To explore whether precannulation international normalized ratio (INR) is associated with in-hospital mortality in venoarterial extracorporeal membrane oxygenation (VA-ECMO) patients. A retrospective, observational cohort study. A quaternary care academic medical center. Patients with cardiogenic shock on VA-ECMO for >24 hours. None, observational study. A total of 188 patients who were on VA-ECMO were included over three years. Patients were stratified into three groups based on their pre-ECMO INR: INR <1.5, INR 1.5 to 1.8, and INR >1.8. For all patients, demographics, comorbidities, and ECMO details were recorded. The study's primary outcome was in-hospital mortality and secondary outcomes included major bleeding, minor bleeding, allogeneic transfusion, ischemic stroke, intracranial hemorrhage, acute renal failure, acute liver failure, gastrointestinal bleeding, intensive care unit and hospital lengths of stay. A multivariate logistic regression was used to determine whether precannulation INR was associated independently with in-hospital mortality.
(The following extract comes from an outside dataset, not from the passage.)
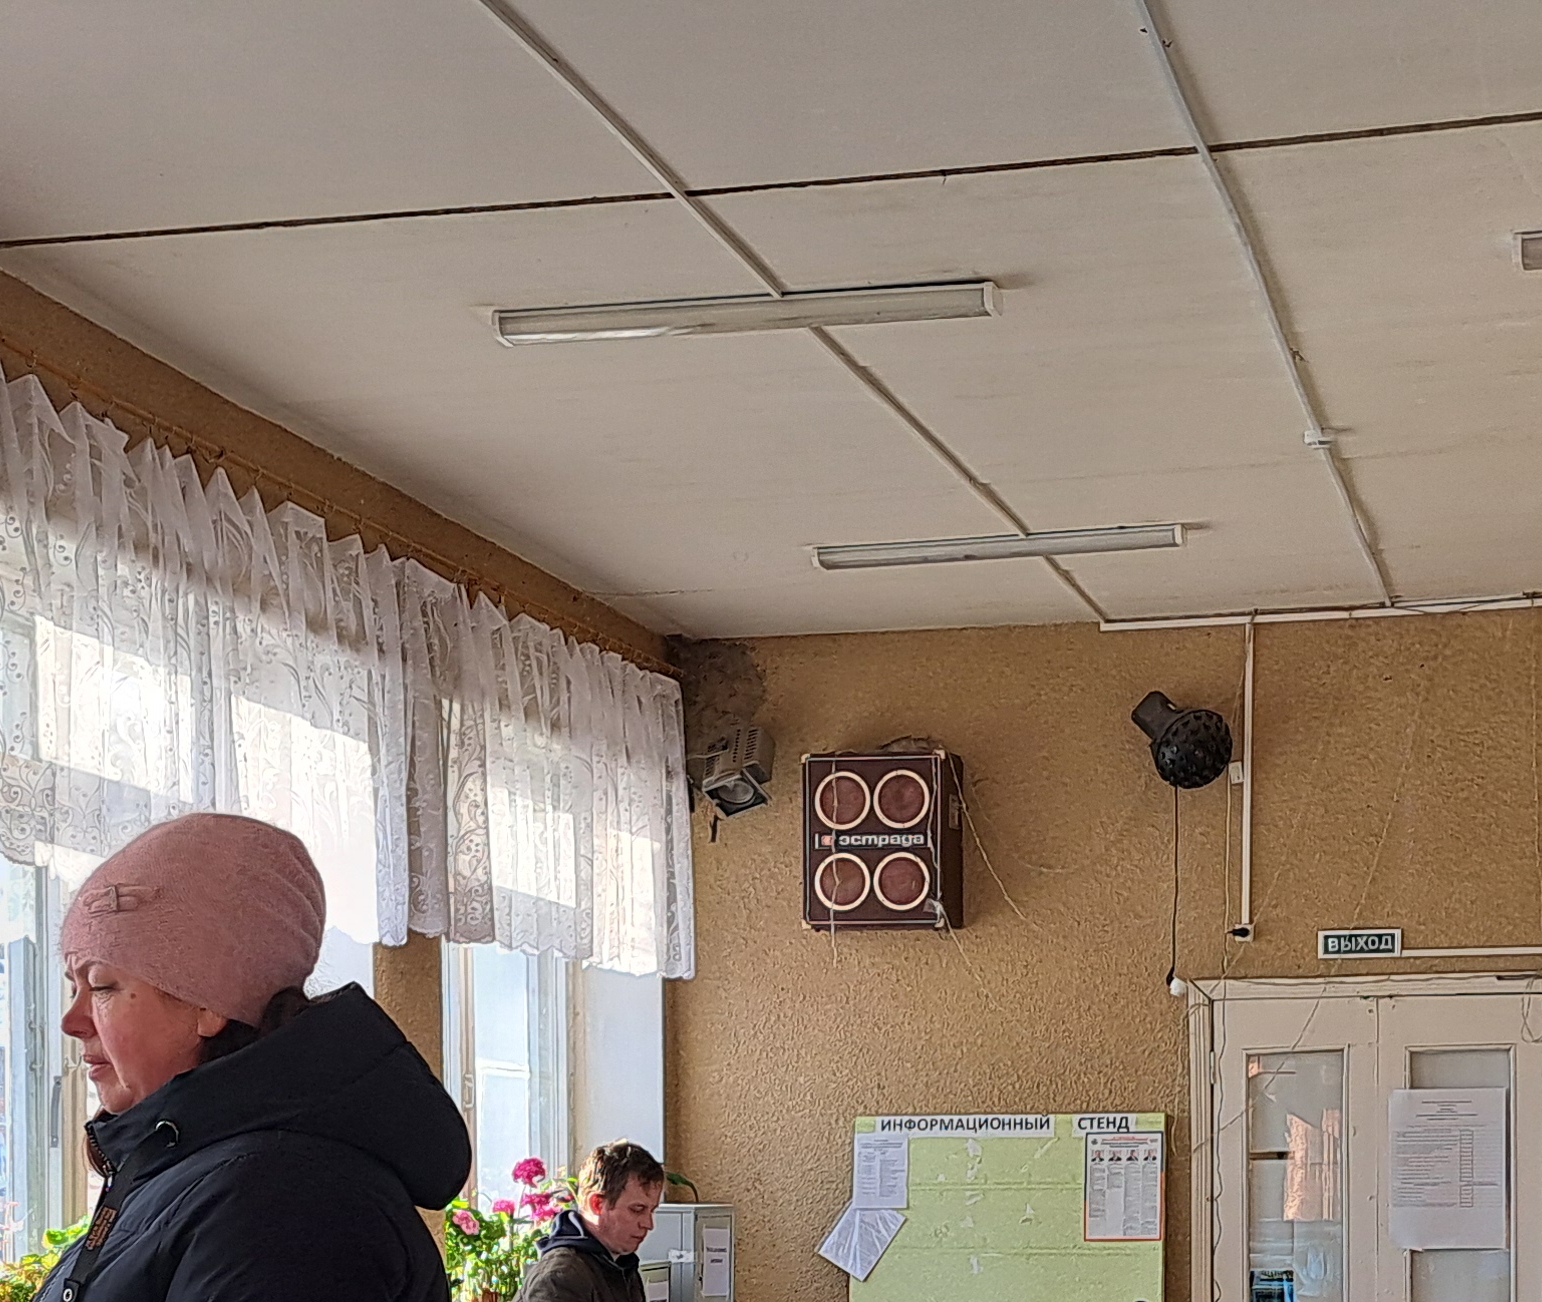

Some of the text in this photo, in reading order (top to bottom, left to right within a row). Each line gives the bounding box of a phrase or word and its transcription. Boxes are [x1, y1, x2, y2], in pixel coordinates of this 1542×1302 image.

In-hospital mortality differed significantly by INR group (51.6% INR >1.8 v 42.3% INR 1.5-1.8 v 24.3% INR <1.5; p=0.004). In a multivariate logistic regression model, precannulation INR >1.8 was associated independently with an increased odds of mortality (odds ratio, 2.48; 95% confidence interval, 1.05-6.04) after controlling for sex, Survival after VA- ECMO score, and ECMO indication. An INR within 1.5 to 1.8 did not confer an increased mortality risk. An INR >1.8 before VA-ECMO cannulation is associated independently with in-hospital mortality. Precannulation INR should be considered by clinicians so that ECMO resources can be better allocated and risks of organ failure and intracranial hemorrhage can be better understood.